(Beginning of EXERCISE INPUTS)
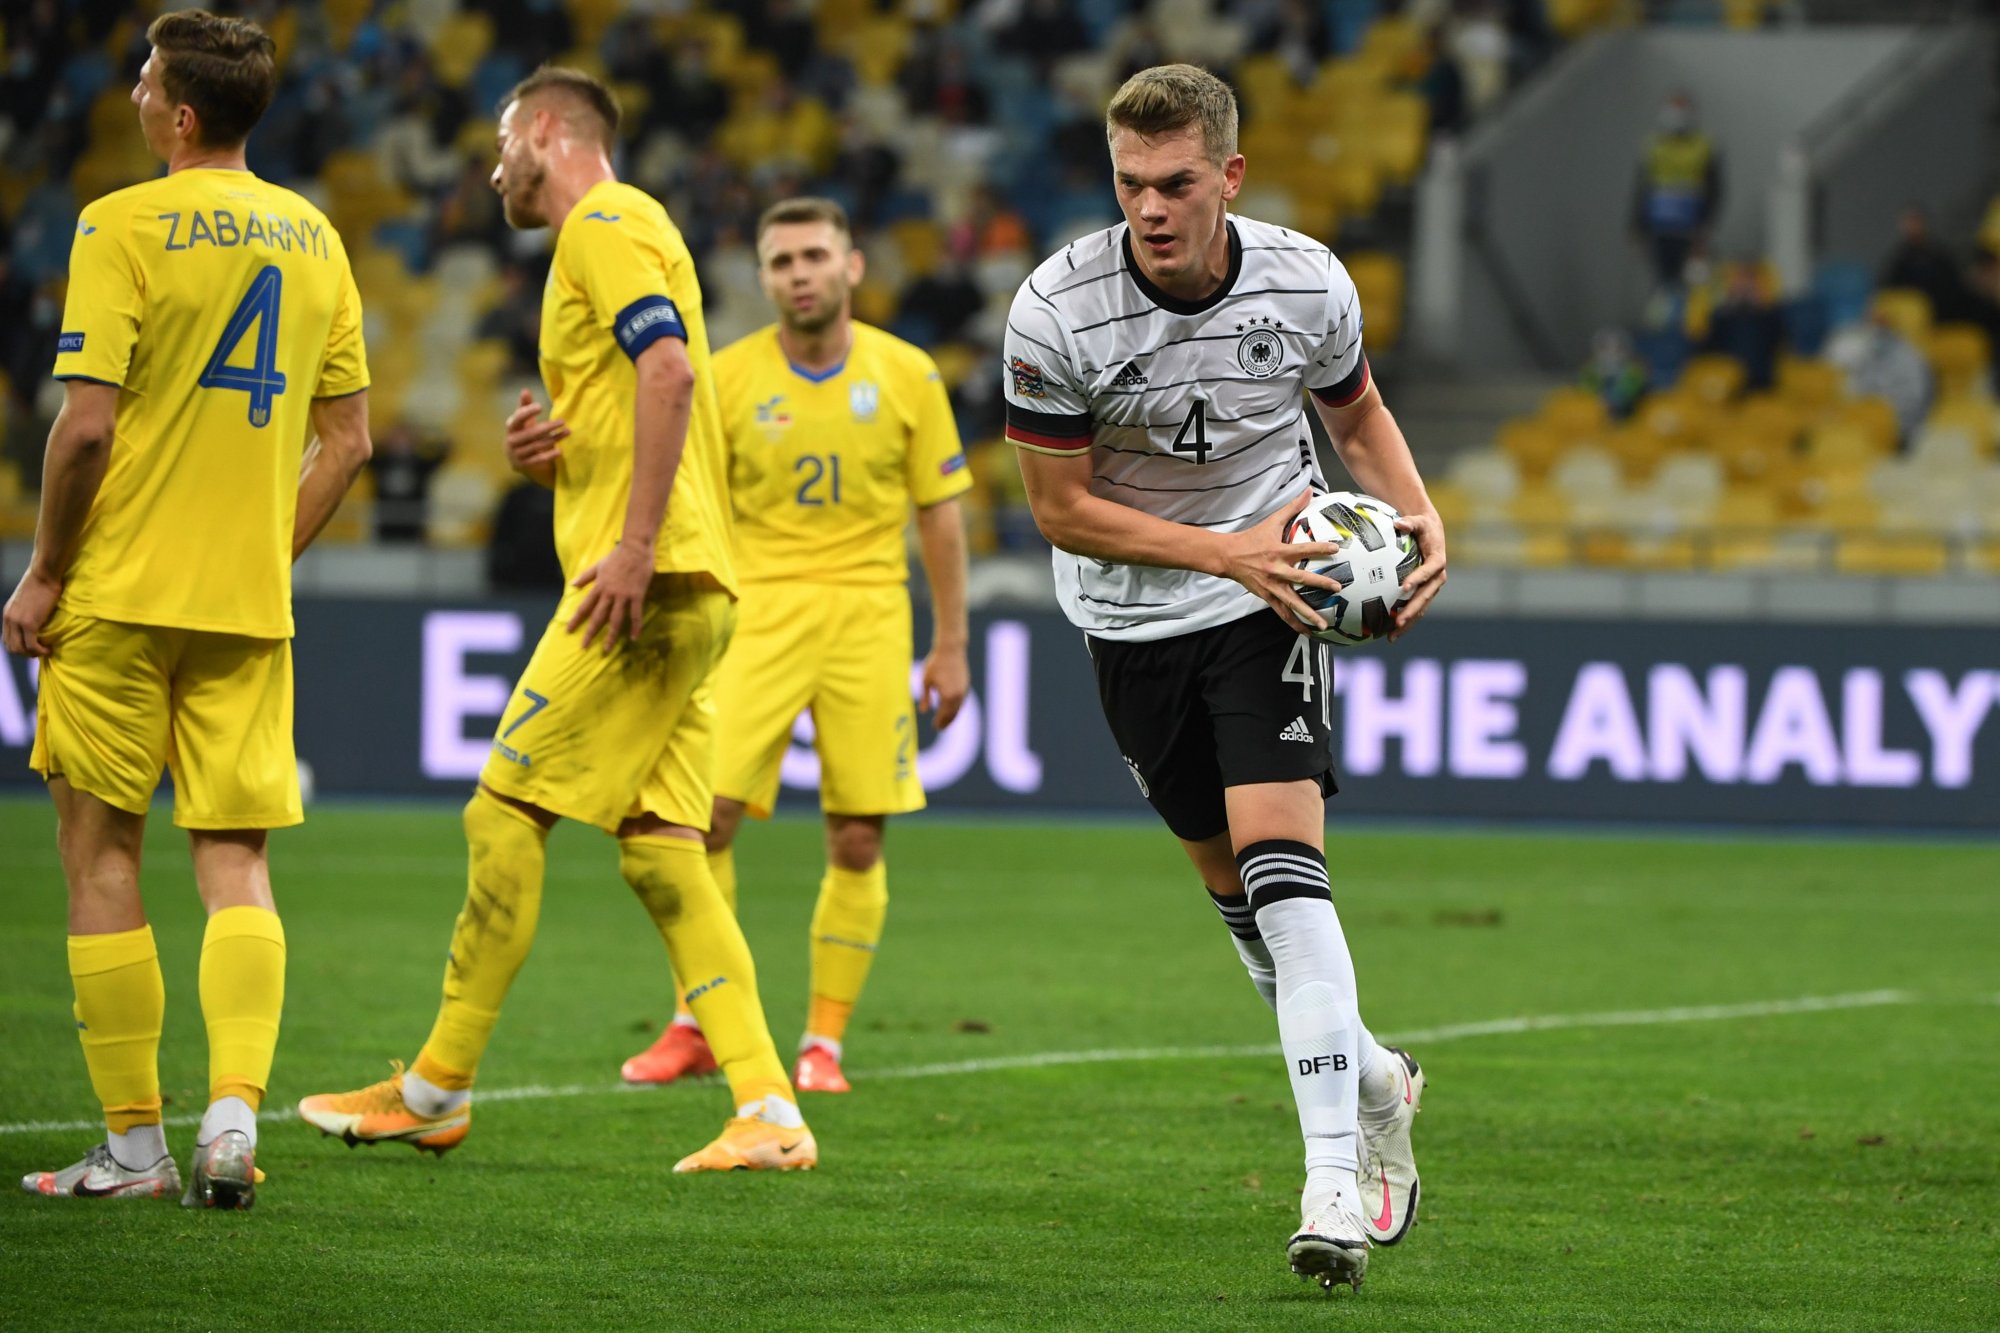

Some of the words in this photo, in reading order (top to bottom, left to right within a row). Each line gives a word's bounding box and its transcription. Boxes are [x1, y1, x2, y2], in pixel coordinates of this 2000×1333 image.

[158, 210, 329, 260] ZABARNYI
[198, 265, 287, 428] 4
[1110, 376, 1149, 386] adidas
[1172, 398, 1214, 466] 4
[794, 454, 842, 506] 21
[1281, 633, 1315, 702] 4
[503, 688, 550, 740] 7
[1280, 732, 1314, 743] adidas
[1298, 1053, 1348, 1076] DFB
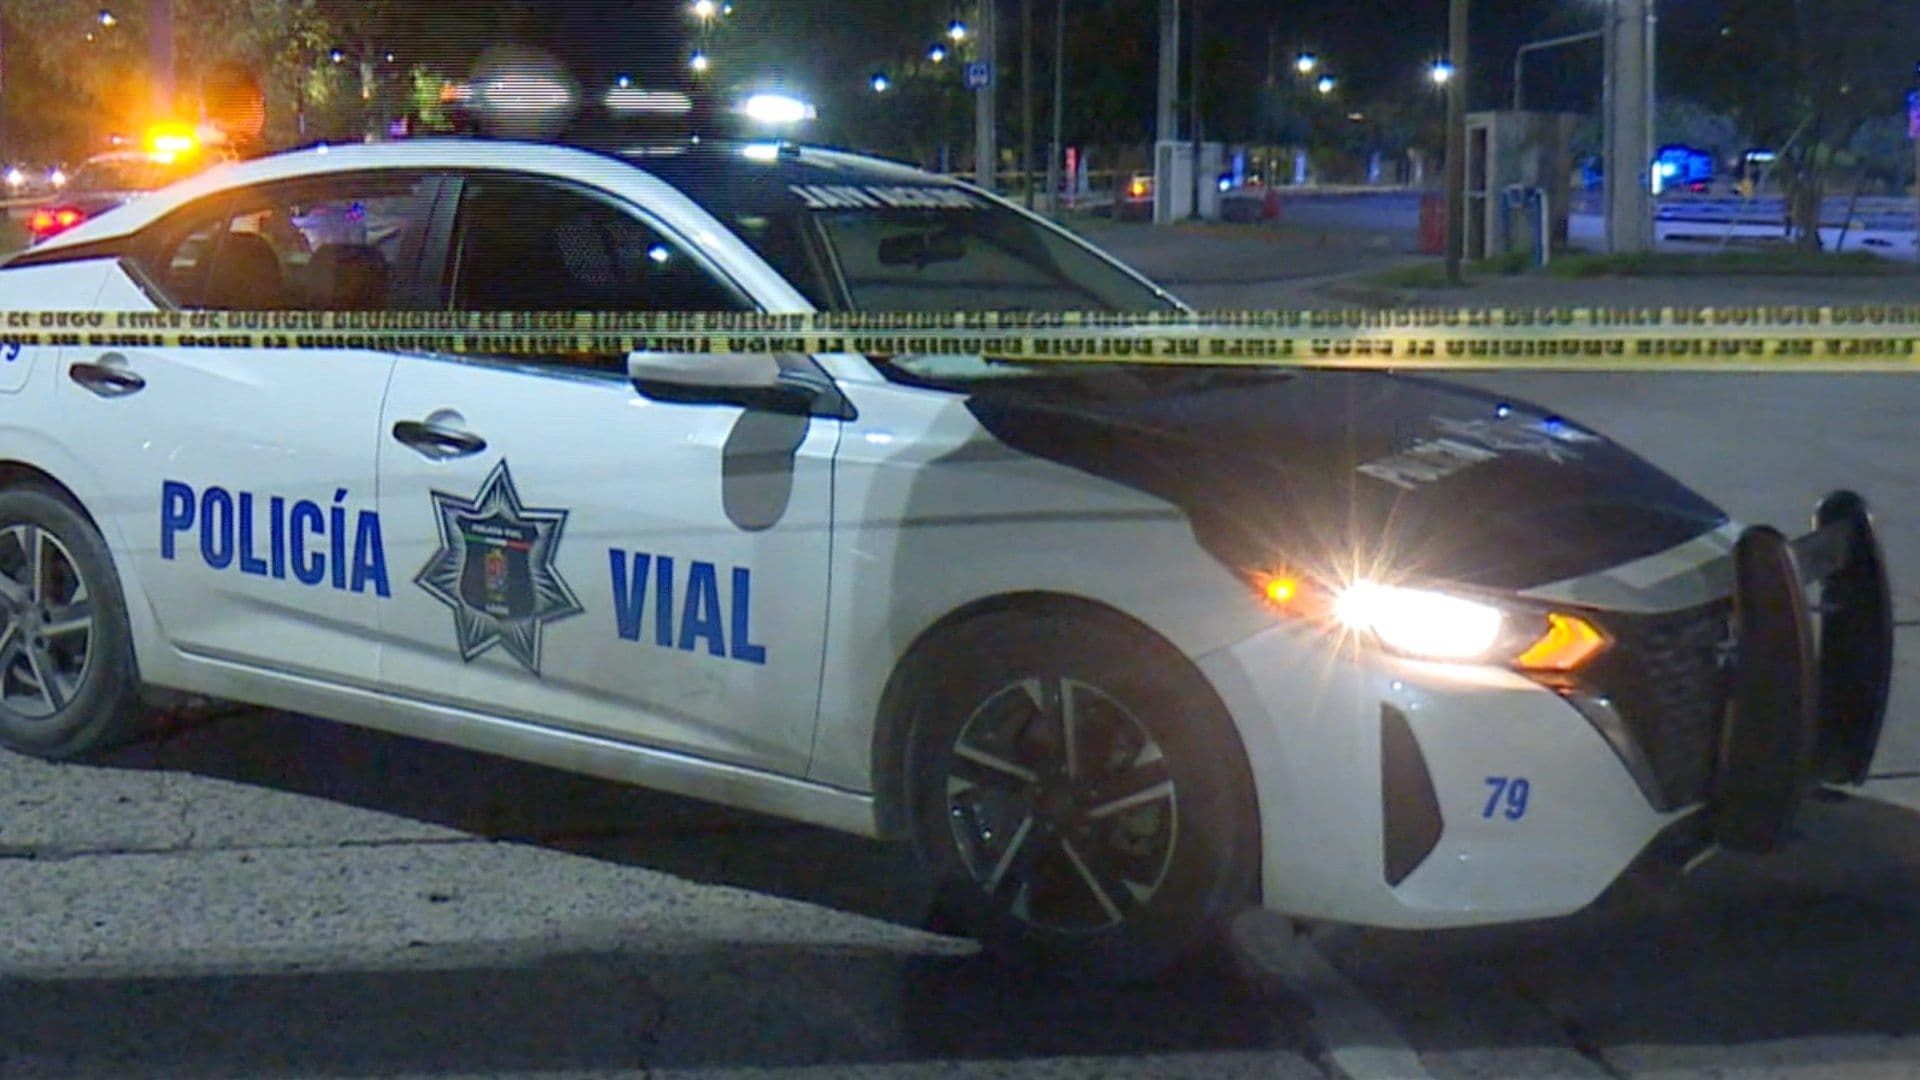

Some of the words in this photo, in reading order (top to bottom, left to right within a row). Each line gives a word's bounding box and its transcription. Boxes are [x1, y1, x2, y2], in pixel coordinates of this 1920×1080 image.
(End of EXERCISE INPUTS)
WHAT YOU WILL DO:
None of the pictures should appear; the rest of the entries must be reproduced exactly.

ANSWER TO THIS PROBLEM:
Some of the words in this photo, in reading order (top to bottom, left to right within a row). Each line gives a word's bounding box and its transcription. Boxes are [x1, y1, x2, y2], in pixel coordinates of this 2000×1333 image.

[158, 210, 329, 260] ZABARNYI
[198, 265, 287, 428] 4
[1110, 376, 1149, 386] adidas
[1172, 398, 1214, 466] 4
[794, 454, 842, 506] 21
[1281, 633, 1315, 702] 4
[503, 688, 550, 740] 7
[1280, 732, 1314, 743] adidas
[1298, 1053, 1348, 1076] DFB

Some of the words in this photo, in reading order (top to bottom, left to right within a row). Each line gives a word's bounding box and its transcription. Boxes are [x1, y1, x2, y2], in pixel coordinates of this 1920×1080 image.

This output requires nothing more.